Material shown below:

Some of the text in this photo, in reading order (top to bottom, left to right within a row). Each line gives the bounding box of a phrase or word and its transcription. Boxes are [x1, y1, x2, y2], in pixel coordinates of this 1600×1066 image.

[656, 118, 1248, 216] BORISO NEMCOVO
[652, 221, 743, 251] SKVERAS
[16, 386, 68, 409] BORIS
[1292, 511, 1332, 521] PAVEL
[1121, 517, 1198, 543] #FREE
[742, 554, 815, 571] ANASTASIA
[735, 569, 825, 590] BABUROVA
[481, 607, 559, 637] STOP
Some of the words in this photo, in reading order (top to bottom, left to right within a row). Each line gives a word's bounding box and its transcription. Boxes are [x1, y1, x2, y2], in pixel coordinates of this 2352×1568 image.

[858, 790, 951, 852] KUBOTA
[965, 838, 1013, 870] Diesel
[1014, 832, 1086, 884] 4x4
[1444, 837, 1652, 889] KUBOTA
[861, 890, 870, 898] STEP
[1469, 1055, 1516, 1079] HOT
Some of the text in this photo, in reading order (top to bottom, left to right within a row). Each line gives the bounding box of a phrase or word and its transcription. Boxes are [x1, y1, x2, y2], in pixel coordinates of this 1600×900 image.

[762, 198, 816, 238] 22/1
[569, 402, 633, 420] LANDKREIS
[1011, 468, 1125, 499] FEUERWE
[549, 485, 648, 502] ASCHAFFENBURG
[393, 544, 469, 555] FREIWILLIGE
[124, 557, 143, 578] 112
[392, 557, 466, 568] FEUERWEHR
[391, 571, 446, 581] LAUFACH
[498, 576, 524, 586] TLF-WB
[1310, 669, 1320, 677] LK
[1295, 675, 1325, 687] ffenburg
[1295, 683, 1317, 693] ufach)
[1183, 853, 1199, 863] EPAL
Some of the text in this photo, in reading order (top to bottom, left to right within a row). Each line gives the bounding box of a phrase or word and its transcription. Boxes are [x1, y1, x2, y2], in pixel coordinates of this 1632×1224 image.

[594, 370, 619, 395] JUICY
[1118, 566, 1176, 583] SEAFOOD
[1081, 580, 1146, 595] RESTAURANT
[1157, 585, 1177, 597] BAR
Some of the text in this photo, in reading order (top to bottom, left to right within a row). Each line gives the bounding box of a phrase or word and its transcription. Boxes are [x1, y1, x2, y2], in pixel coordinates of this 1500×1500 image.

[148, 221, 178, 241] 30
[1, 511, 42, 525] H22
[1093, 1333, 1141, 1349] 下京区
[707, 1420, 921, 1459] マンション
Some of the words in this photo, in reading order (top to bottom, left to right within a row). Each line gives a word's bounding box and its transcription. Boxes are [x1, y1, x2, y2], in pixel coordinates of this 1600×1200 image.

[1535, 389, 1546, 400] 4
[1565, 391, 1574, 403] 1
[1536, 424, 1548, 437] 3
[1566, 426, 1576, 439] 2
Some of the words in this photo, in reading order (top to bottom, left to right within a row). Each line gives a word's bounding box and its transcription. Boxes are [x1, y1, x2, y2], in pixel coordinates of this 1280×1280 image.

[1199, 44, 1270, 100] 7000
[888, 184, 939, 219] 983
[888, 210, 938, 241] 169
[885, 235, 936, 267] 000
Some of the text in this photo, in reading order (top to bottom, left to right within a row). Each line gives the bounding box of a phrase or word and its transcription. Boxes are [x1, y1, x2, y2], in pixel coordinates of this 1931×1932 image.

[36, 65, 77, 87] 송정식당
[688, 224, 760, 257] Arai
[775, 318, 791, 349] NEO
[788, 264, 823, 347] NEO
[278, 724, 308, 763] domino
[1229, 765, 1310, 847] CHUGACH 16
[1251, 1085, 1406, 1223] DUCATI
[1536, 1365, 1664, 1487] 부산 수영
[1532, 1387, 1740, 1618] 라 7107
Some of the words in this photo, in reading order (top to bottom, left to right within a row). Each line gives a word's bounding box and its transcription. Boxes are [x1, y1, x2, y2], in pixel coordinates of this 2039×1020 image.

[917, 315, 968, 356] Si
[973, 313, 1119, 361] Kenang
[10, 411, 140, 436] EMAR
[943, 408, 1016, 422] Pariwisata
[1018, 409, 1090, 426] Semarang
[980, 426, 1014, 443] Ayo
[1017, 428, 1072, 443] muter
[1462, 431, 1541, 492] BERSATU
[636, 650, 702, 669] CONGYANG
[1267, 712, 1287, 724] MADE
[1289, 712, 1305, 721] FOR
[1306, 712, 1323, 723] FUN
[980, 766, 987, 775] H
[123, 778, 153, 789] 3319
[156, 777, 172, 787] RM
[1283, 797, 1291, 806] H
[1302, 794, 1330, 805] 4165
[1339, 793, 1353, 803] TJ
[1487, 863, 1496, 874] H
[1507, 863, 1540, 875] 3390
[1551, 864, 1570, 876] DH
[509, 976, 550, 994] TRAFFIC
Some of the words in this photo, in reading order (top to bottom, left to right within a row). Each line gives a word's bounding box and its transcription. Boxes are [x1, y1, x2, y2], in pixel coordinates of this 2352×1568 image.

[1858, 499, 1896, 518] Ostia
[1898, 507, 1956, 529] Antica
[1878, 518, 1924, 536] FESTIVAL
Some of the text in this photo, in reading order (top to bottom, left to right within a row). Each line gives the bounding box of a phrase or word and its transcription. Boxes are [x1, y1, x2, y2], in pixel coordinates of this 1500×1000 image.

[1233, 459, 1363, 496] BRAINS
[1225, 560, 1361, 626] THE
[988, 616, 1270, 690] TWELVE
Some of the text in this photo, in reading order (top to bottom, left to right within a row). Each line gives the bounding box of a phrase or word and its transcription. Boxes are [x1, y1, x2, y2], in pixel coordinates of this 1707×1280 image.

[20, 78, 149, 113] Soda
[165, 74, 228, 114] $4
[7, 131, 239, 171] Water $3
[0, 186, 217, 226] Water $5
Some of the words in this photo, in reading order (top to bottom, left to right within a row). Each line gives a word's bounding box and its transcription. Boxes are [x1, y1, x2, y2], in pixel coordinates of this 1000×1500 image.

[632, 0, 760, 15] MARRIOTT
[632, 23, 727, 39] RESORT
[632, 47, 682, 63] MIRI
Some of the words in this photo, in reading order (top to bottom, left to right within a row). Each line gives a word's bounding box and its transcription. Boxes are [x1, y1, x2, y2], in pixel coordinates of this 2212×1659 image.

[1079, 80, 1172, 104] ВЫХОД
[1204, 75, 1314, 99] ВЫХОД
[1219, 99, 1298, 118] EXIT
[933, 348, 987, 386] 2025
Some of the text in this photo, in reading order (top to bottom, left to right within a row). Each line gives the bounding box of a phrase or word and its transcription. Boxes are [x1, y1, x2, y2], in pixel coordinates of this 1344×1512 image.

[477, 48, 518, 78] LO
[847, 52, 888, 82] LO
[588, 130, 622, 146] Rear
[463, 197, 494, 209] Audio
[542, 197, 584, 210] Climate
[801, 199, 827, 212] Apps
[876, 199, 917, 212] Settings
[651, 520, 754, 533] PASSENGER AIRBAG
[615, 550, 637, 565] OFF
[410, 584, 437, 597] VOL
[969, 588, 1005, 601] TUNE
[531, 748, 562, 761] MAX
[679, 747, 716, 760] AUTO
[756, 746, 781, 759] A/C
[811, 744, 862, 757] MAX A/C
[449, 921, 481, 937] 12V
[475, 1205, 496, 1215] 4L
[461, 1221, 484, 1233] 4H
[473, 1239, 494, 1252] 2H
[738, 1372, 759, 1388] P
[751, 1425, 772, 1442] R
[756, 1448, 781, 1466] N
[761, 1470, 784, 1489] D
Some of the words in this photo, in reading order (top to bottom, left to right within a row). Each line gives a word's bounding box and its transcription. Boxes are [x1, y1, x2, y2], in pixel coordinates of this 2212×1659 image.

End of Material shown.

- Requirement -
Each line shown above needs to be transcribed exactly.

- Task output -
Some of the text in this photo, in reading order (top to bottom, left to right within a row). Each line gives the bounding box of a phrase or word and its transcription. Boxes are [x1, y1, x2, y2], in pixel coordinates of this 1600×1066 image.

[656, 118, 1248, 216] BORISO NEMCOVO
[652, 221, 743, 251] SKVERAS
[16, 386, 68, 409] BORIS
[1292, 511, 1332, 521] PAVEL
[1121, 517, 1198, 543] #FREE
[742, 554, 815, 571] ANASTASIA
[735, 569, 825, 590] BABUROVA
[481, 607, 559, 637] STOP
Some of the words in this photo, in reading order (top to bottom, left to right within a row). Each line gives a word's bounding box and its transcription. Boxes are [x1, y1, x2, y2], in pixel coordinates of this 2352×1568 image.

[858, 790, 951, 852] KUBOTA
[965, 838, 1013, 870] Diesel
[1014, 832, 1086, 884] 4x4
[1444, 837, 1652, 889] KUBOTA
[861, 890, 870, 898] STEP
[1469, 1055, 1516, 1079] HOT
Some of the text in this photo, in reading order (top to bottom, left to right within a row). Each line gives the bounding box of a phrase or word and its transcription. Boxes are [x1, y1, x2, y2], in pixel coordinates of this 1600×900 image.

[762, 198, 816, 238] 22/1
[569, 402, 633, 420] LANDKREIS
[1011, 468, 1125, 499] FEUERWE
[549, 485, 648, 502] ASCHAFFENBURG
[393, 544, 469, 555] FREIWILLIGE
[124, 557, 143, 578] 112
[392, 557, 466, 568] FEUERWEHR
[391, 571, 446, 581] LAUFACH
[498, 576, 524, 586] TLF-WB
[1310, 669, 1320, 677] LK
[1295, 675, 1325, 687] ffenburg
[1295, 683, 1317, 693] ufach)
[1183, 853, 1199, 863] EPAL
Some of the text in this photo, in reading order (top to bottom, left to right within a row). Each line gives the bounding box of a phrase or word and its transcription. Boxes are [x1, y1, x2, y2], in pixel coordinates of this 1632×1224 image.

[594, 370, 619, 395] JUICY
[1118, 566, 1176, 583] SEAFOOD
[1081, 580, 1146, 595] RESTAURANT
[1157, 585, 1177, 597] BAR
Some of the text in this photo, in reading order (top to bottom, left to right within a row). Each line gives the bounding box of a phrase or word and its transcription. Boxes are [x1, y1, x2, y2], in pixel coordinates of this 1500×1500 image.

[148, 221, 178, 241] 30
[1, 511, 42, 525] H22
[1093, 1333, 1141, 1349] 下京区
[707, 1420, 921, 1459] マンション
Some of the words in this photo, in reading order (top to bottom, left to right within a row). Each line gives a word's bounding box and its transcription. Boxes are [x1, y1, x2, y2], in pixel coordinates of this 1600×1200 image.

[1535, 389, 1546, 400] 4
[1565, 391, 1574, 403] 1
[1536, 424, 1548, 437] 3
[1566, 426, 1576, 439] 2
Some of the words in this photo, in reading order (top to bottom, left to right within a row). Each line gives a word's bounding box and its transcription. Boxes are [x1, y1, x2, y2], in pixel coordinates of this 1280×1280 image.

[1199, 44, 1270, 100] 7000
[888, 184, 939, 219] 983
[888, 210, 938, 241] 169
[885, 235, 936, 267] 000
Some of the text in this photo, in reading order (top to bottom, left to right within a row). Each line gives the bounding box of a phrase or word and its transcription. Boxes are [x1, y1, x2, y2], in pixel coordinates of this 1931×1932 image.

[36, 65, 77, 87] 송정식당
[688, 224, 760, 257] Arai
[775, 318, 791, 349] NEO
[788, 264, 823, 347] NEO
[278, 724, 308, 763] domino
[1229, 765, 1310, 847] CHUGACH 16
[1251, 1085, 1406, 1223] DUCATI
[1536, 1365, 1664, 1487] 부산 수영
[1532, 1387, 1740, 1618] 라 7107
Some of the words in this photo, in reading order (top to bottom, left to right within a row). Each line gives a word's bounding box and its transcription. Boxes are [x1, y1, x2, y2], in pixel coordinates of this 2039×1020 image.

[917, 315, 968, 356] Si
[973, 313, 1119, 361] Kenang
[10, 411, 140, 436] EMAR
[943, 408, 1016, 422] Pariwisata
[1018, 409, 1090, 426] Semarang
[980, 426, 1014, 443] Ayo
[1017, 428, 1072, 443] muter
[1462, 431, 1541, 492] BERSATU
[636, 650, 702, 669] CONGYANG
[1267, 712, 1287, 724] MADE
[1289, 712, 1305, 721] FOR
[1306, 712, 1323, 723] FUN
[980, 766, 987, 775] H
[123, 778, 153, 789] 3319
[156, 777, 172, 787] RM
[1283, 797, 1291, 806] H
[1302, 794, 1330, 805] 4165
[1339, 793, 1353, 803] TJ
[1487, 863, 1496, 874] H
[1507, 863, 1540, 875] 3390
[1551, 864, 1570, 876] DH
[509, 976, 550, 994] TRAFFIC
Some of the words in this photo, in reading order (top to bottom, left to right within a row). Each line gives a word's bounding box and its transcription. Boxes are [x1, y1, x2, y2], in pixel coordinates of this 2352×1568 image.

[1858, 499, 1896, 518] Ostia
[1898, 507, 1956, 529] Antica
[1878, 518, 1924, 536] FESTIVAL
Some of the text in this photo, in reading order (top to bottom, left to right within a row). Each line gives the bounding box of a phrase or word and its transcription. Boxes are [x1, y1, x2, y2], in pixel coordinates of this 1500×1000 image.

[1233, 459, 1363, 496] BRAINS
[1225, 560, 1361, 626] THE
[988, 616, 1270, 690] TWELVE
Some of the text in this photo, in reading order (top to bottom, left to right within a row). Each line gives the bounding box of a phrase or word and its transcription. Boxes are [x1, y1, x2, y2], in pixel coordinates of this 1707×1280 image.

[20, 78, 149, 113] Soda
[165, 74, 228, 114] $4
[7, 131, 239, 171] Water $3
[0, 186, 217, 226] Water $5
Some of the words in this photo, in reading order (top to bottom, left to right within a row). Each line gives a word's bounding box and its transcription. Boxes are [x1, y1, x2, y2], in pixel coordinates of this 1000×1500 image.

[632, 0, 760, 15] MARRIOTT
[632, 23, 727, 39] RESORT
[632, 47, 682, 63] MIRI
Some of the words in this photo, in reading order (top to bottom, left to right within a row). Each line gives a word's bounding box and its transcription. Boxes are [x1, y1, x2, y2], in pixel coordinates of this 2212×1659 image.

[1079, 80, 1172, 104] ВЫХОД
[1204, 75, 1314, 99] ВЫХОД
[1219, 99, 1298, 118] EXIT
[933, 348, 987, 386] 2025
Some of the text in this photo, in reading order (top to bottom, left to right within a row). Each line gives the bounding box of a phrase or word and its transcription. Boxes are [x1, y1, x2, y2], in pixel coordinates of this 1344×1512 image.

[477, 48, 518, 78] LO
[847, 52, 888, 82] LO
[588, 130, 622, 146] Rear
[463, 197, 494, 209] Audio
[542, 197, 584, 210] Climate
[801, 199, 827, 212] Apps
[876, 199, 917, 212] Settings
[651, 520, 754, 533] PASSENGER AIRBAG
[615, 550, 637, 565] OFF
[410, 584, 437, 597] VOL
[969, 588, 1005, 601] TUNE
[531, 748, 562, 761] MAX
[679, 747, 716, 760] AUTO
[756, 746, 781, 759] A/C
[811, 744, 862, 757] MAX A/C
[449, 921, 481, 937] 12V
[475, 1205, 496, 1215] 4L
[461, 1221, 484, 1233] 4H
[473, 1239, 494, 1252] 2H
[738, 1372, 759, 1388] P
[751, 1425, 772, 1442] R
[756, 1448, 781, 1466] N
[761, 1470, 784, 1489] D
Some of the words in this photo, in reading order (top to bottom, left to right within a row). Each line gives a word's bounding box and its transcription. Boxes are [x1, y1, x2, y2], in pixel coordinates of this 2212×1659 image.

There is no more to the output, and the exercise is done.